Lithium producer Altura Mining has entered a trading halt, with a plan to raise about $30 million for working capital, a day after it reported production at its Pilgangoora processing plant was improving.
Lithium producer Altura Mining has entered a trading halt, with a plan to raise about $30 million for working capital, a day after it reported production at its Pilgangoora processing plant was improving.
Business News understands most of the cash will be raised through a placement, with a purchase plan also available to shareholders.
The raising will be managed by Jett Capital, at 13 cents per share, a discount from the share price at the halt of 14.5 cents.
It will be the second fund raising in less than six months.
The company secured $US15 million of additional debt funding in September to support commissioning and ramp-up to nameplate capacity.
Altura has been working to lift output at the Pilgangoora mine, which started production in the middle of 2018, after suffering issues with the mine’s floatation plant and needing downtime for modifications.
A recent update reported that the plant had delivered output at 70 per cent of capacity for several continuous 24 hour periods.

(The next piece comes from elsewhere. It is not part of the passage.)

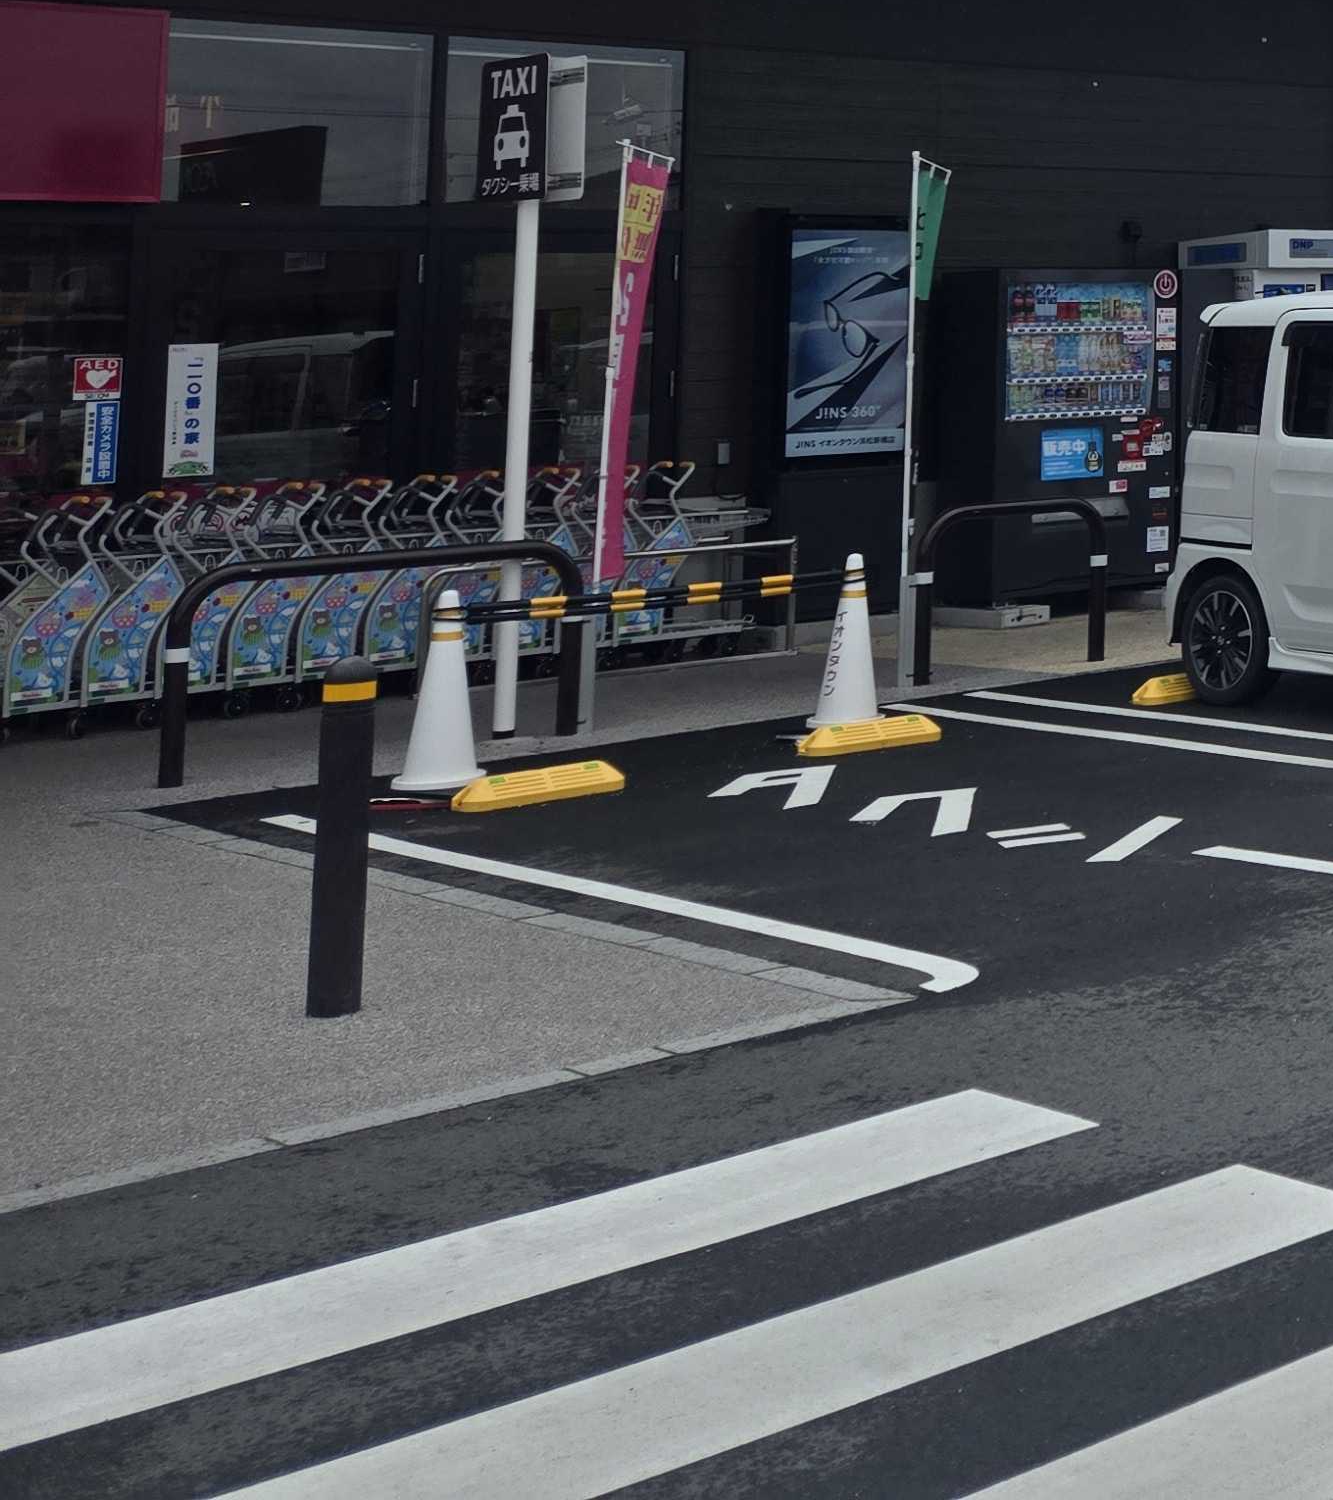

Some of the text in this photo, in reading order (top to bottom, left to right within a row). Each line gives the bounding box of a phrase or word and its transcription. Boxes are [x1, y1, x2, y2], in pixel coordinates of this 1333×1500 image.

Yesterday, the company’s quarterly statement said the plant was producing 12,000 tonnes a month, with capacity of roughly 18,000.
Contractor Primero Group was continuing to work on getting the plant up to nameplate.
“The floatation plant has provided the commissioning team with the main operational challenge to bring on-line in the last quarter,” the quarterly said.
“Initial wet commissioning occured in November, with selected production runs being completed in December 2018.
“Considerable downtime in the plant was attributable to the performance of the ball mill and tailings thickener which required several days of downtime during the month.
“Subsequent rectification on the units has produced positive results.”
Altura’s biggest shareholder, Chinese manufacturer Shaanxi J&R Optimum, has had ongoing problems in the past year.
Shaanxi also has an offtake deal for about 50,000 tonnes per annum of lithium, renegotiated down last year from 100,000 tonnes.
Business News understands Altura is exploring finding a party to take that offtake commitment and confident it can lock something in.
One of Shaanxi’s creditors has put in an application to Chinese courts for the company to be reorganised, according to a release on the Shenzhen stock exchange.
Shaanxi is hunting for strategic investors, and updated the market yesterday.
“The company still faces a large debt repayment risk,” it said in the release (note this is translated from mandarin).
“If the debt restructuring work cannot be completed successfully, it has an adverse impact on the company's introduction of strategic investors, which may lead to (it) being impossible.”